* _DIRECTIONS FOR THIS TASK_
Please give the data again in full, exactly as provided.

[Items listed in a dataset]
************
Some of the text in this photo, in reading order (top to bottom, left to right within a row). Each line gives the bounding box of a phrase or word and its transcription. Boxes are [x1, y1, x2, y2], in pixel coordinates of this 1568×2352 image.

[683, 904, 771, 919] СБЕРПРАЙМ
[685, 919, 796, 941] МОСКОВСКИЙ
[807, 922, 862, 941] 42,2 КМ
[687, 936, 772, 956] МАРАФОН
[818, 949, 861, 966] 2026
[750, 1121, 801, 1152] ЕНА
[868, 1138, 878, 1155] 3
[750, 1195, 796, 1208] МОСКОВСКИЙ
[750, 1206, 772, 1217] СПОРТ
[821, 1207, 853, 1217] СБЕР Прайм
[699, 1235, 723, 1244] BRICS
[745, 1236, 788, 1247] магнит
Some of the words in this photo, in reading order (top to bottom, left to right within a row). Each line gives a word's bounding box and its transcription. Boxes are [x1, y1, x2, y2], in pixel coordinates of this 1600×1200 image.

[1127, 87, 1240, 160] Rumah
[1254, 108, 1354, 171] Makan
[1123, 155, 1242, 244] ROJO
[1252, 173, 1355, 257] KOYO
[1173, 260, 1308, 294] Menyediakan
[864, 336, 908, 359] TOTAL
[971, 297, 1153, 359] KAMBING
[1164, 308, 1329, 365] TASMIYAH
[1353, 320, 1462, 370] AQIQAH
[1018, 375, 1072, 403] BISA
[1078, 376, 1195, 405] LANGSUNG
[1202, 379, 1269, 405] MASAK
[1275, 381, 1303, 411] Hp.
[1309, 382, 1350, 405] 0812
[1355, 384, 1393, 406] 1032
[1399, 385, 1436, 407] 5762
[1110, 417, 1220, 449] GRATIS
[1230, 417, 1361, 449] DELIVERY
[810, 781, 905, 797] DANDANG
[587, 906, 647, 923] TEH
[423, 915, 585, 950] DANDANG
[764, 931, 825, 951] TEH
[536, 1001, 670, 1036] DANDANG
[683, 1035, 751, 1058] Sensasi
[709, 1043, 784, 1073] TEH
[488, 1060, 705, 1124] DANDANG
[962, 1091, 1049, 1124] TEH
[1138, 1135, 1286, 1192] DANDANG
************
* _WRITTEN RESPONSE_
Some of the text in this photo, in reading order (top to bottom, left to right within a row). Each line gives the bounding box of a phrase or word and its transcription. Boxes are [x1, y1, x2, y2], in pixel coordinates of this 1568×2352 image.

[683, 904, 771, 919] СБЕРПРАЙМ
[685, 919, 796, 941] МОСКОВСКИЙ
[807, 922, 862, 941] 42,2 КМ
[687, 936, 772, 956] МАРАФОН
[818, 949, 861, 966] 2026
[750, 1121, 801, 1152] ЕНА
[868, 1138, 878, 1155] 3
[750, 1195, 796, 1208] МОСКОВСКИЙ
[750, 1206, 772, 1217] СПОРТ
[821, 1207, 853, 1217] СБЕР Прайм
[699, 1235, 723, 1244] BRICS
[745, 1236, 788, 1247] магнит
Some of the words in this photo, in reading order (top to bottom, left to right within a row). Each line gives a word's bounding box and its transcription. Boxes are [x1, y1, x2, y2], in pixel coordinates of this 1600×1200 image.

[1127, 87, 1240, 160] Rumah
[1254, 108, 1354, 171] Makan
[1123, 155, 1242, 244] ROJO
[1252, 173, 1355, 257] KOYO
[1173, 260, 1308, 294] Menyediakan
[864, 336, 908, 359] TOTAL
[971, 297, 1153, 359] KAMBING
[1164, 308, 1329, 365] TASMIYAH
[1353, 320, 1462, 370] AQIQAH
[1018, 375, 1072, 403] BISA
[1078, 376, 1195, 405] LANGSUNG
[1202, 379, 1269, 405] MASAK
[1275, 381, 1303, 411] Hp.
[1309, 382, 1350, 405] 0812
[1355, 384, 1393, 406] 1032
[1399, 385, 1436, 407] 5762
[1110, 417, 1220, 449] GRATIS
[1230, 417, 1361, 449] DELIVERY
[810, 781, 905, 797] DANDANG
[587, 906, 647, 923] TEH
[423, 915, 585, 950] DANDANG
[764, 931, 825, 951] TEH
[536, 1001, 670, 1036] DANDANG
[683, 1035, 751, 1058] Sensasi
[709, 1043, 784, 1073] TEH
[488, 1060, 705, 1124] DANDANG
[962, 1091, 1049, 1124] TEH
[1138, 1135, 1286, 1192] DANDANG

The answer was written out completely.